Referring expression grounding data
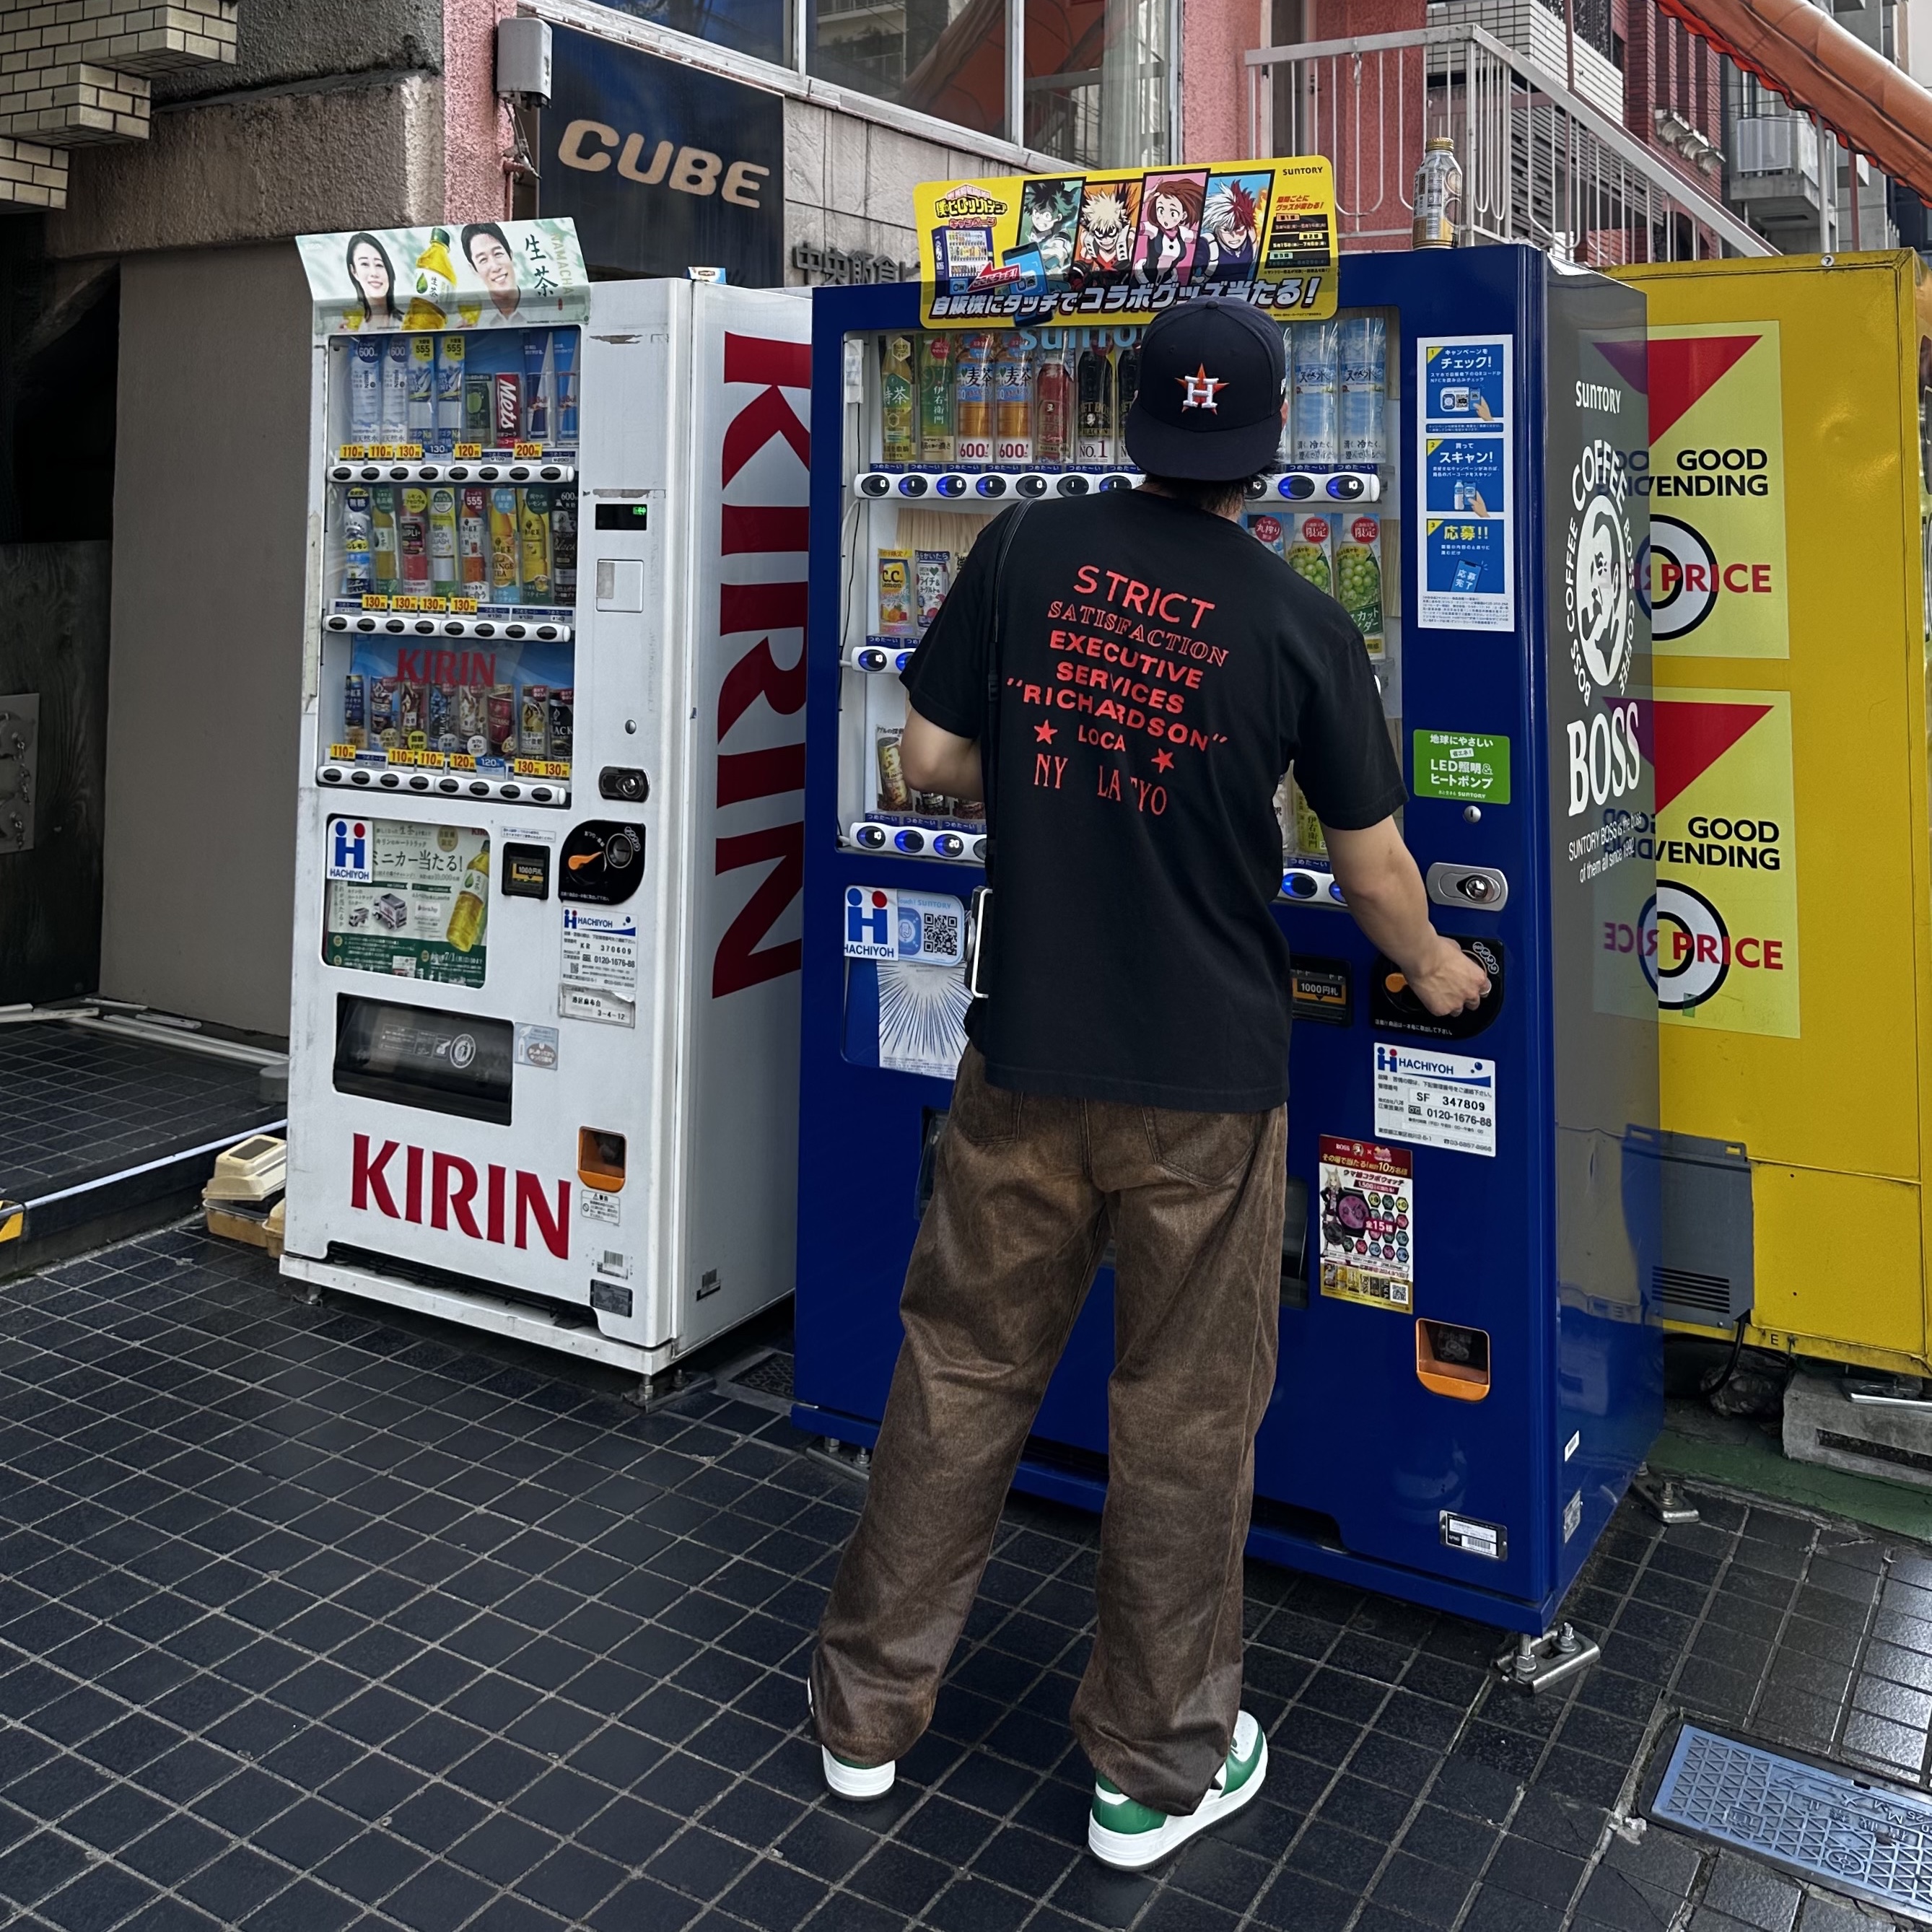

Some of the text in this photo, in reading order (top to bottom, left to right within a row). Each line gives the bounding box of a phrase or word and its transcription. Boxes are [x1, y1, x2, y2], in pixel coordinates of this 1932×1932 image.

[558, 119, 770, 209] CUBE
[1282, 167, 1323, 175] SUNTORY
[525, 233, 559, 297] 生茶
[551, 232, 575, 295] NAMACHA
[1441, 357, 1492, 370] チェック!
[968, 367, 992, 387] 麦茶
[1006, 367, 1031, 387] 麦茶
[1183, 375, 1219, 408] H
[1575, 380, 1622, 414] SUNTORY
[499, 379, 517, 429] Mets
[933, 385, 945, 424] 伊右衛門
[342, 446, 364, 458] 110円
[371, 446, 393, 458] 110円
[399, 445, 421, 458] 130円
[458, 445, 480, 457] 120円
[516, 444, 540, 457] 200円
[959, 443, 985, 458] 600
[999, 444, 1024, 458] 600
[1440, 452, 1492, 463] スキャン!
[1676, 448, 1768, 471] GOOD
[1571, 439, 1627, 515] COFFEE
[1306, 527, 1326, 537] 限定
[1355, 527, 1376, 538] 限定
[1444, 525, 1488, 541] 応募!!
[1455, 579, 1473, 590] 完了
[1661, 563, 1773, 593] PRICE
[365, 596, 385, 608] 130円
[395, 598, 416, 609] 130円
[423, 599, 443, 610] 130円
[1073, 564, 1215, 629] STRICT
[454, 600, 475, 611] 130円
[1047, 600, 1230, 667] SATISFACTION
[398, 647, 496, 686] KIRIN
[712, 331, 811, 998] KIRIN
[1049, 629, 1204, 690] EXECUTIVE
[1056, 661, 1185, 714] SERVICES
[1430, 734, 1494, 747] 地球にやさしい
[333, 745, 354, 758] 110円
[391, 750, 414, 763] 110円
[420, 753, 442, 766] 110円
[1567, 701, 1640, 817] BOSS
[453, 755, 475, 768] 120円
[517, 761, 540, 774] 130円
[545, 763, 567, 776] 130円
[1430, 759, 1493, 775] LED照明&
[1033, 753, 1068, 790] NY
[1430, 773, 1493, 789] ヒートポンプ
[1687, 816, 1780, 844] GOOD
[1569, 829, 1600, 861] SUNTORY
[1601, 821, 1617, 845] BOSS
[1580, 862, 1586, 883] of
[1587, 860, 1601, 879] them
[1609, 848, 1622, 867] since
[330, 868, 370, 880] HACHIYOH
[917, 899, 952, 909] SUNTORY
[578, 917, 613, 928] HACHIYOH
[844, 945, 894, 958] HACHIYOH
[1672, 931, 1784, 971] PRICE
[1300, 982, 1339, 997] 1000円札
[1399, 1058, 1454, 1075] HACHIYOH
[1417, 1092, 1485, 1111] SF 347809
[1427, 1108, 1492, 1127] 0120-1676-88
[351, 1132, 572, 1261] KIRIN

**Exercise goal:** Write out every line in the data that holds the string "PRICE".

**Response to the task:**
[1661, 563, 1773, 593] PRICE
[1672, 931, 1784, 971] PRICE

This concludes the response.